In the case of the U.S., there are huge investments in the fossil-fuel sector—technology, oil-field development, etc.—that must be recouped (and this includes bank loans underwriting these investments). And fossil fuel is deeply embedded in the infrastructure of the U.S. economy and U.S. imperialism’s highly profitable supply chains of global exploitation. More solar energy is entering into the energy grid of the U.S. But to make the larger-scale changes that are necessary for the wide adoption of solar and wind power, not to mention a transition to an actual zero-fossil economy, the energy transmission and storage infrastructure of the U.S. would have to be massively overhauled and new infrastructure built... far beyond any current government proposals.4
And let’s return to Solnit’s proclamation that “the end of oil is near.” Now that the U.S. economy is rebounding from the pandemic, oil prices are rising and that is a market incentive for continued drilling and exploration.
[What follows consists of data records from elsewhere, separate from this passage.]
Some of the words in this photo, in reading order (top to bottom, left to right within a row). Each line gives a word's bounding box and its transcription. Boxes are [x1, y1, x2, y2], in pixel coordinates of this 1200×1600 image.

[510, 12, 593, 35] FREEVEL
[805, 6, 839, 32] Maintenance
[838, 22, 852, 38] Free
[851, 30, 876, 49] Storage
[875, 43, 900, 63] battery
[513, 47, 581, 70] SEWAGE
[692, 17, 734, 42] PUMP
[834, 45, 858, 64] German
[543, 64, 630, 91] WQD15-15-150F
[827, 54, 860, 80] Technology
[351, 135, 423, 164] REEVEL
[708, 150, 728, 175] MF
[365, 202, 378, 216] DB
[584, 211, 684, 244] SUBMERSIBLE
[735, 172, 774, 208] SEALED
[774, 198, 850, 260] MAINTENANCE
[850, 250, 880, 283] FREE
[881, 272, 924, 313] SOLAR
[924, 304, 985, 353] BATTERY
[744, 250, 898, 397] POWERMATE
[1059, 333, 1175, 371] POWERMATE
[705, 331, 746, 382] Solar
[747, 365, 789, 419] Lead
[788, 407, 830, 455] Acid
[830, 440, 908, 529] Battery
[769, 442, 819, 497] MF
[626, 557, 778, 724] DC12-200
The larger point is this: The expansion of solar and wind power capacity is NOT, in and of itself, bringing about, and will not bring about, the rapid reduction and actual elimination of fossil fuels that is so urgently needed. Why?
In a capitalist-imperialist economic and political system—the foundation of which is privately owned, competing blocs of capital that exploit laborers worldwide—there is no society-wide means, no direct mechanism, no governing power to set rational priorities... to allocate resources according to social need and environmental sustainability. Here’s the cold truth about fossil fuels and global warming: To seriously deal with climate change, you would have to put the oil companies out of business, seize their assets, and leave most of the oil in the ground.
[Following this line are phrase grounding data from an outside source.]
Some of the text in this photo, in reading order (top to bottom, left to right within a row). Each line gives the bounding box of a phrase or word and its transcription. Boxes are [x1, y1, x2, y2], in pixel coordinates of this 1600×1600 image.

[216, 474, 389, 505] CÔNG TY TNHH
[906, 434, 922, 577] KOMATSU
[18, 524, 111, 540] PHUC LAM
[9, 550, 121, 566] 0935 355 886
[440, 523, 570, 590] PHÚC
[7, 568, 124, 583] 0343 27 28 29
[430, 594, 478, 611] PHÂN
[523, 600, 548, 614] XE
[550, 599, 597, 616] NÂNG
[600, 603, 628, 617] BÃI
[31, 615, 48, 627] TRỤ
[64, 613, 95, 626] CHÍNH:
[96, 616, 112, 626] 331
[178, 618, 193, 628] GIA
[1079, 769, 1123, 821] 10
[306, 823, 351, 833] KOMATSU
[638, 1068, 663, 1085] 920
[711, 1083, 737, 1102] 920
For that to happen and for society to interact with nature in a sustainable way, you need a socialist revolution. A revolution to overthrow this system... to create a new state power and socialize ownership of the means of production and forge a planned socialist economy—the radically different economic foundation—that makes it possible to utilize society’s resources collectively and to unleash people to go to work on the environmental emergency in the interests of world humanity and protecting the planet.
THREE: In Solnit’s feel-good story of inexorable progress towards renewable energy, the oil-powered U.S. military is conspicuously missing.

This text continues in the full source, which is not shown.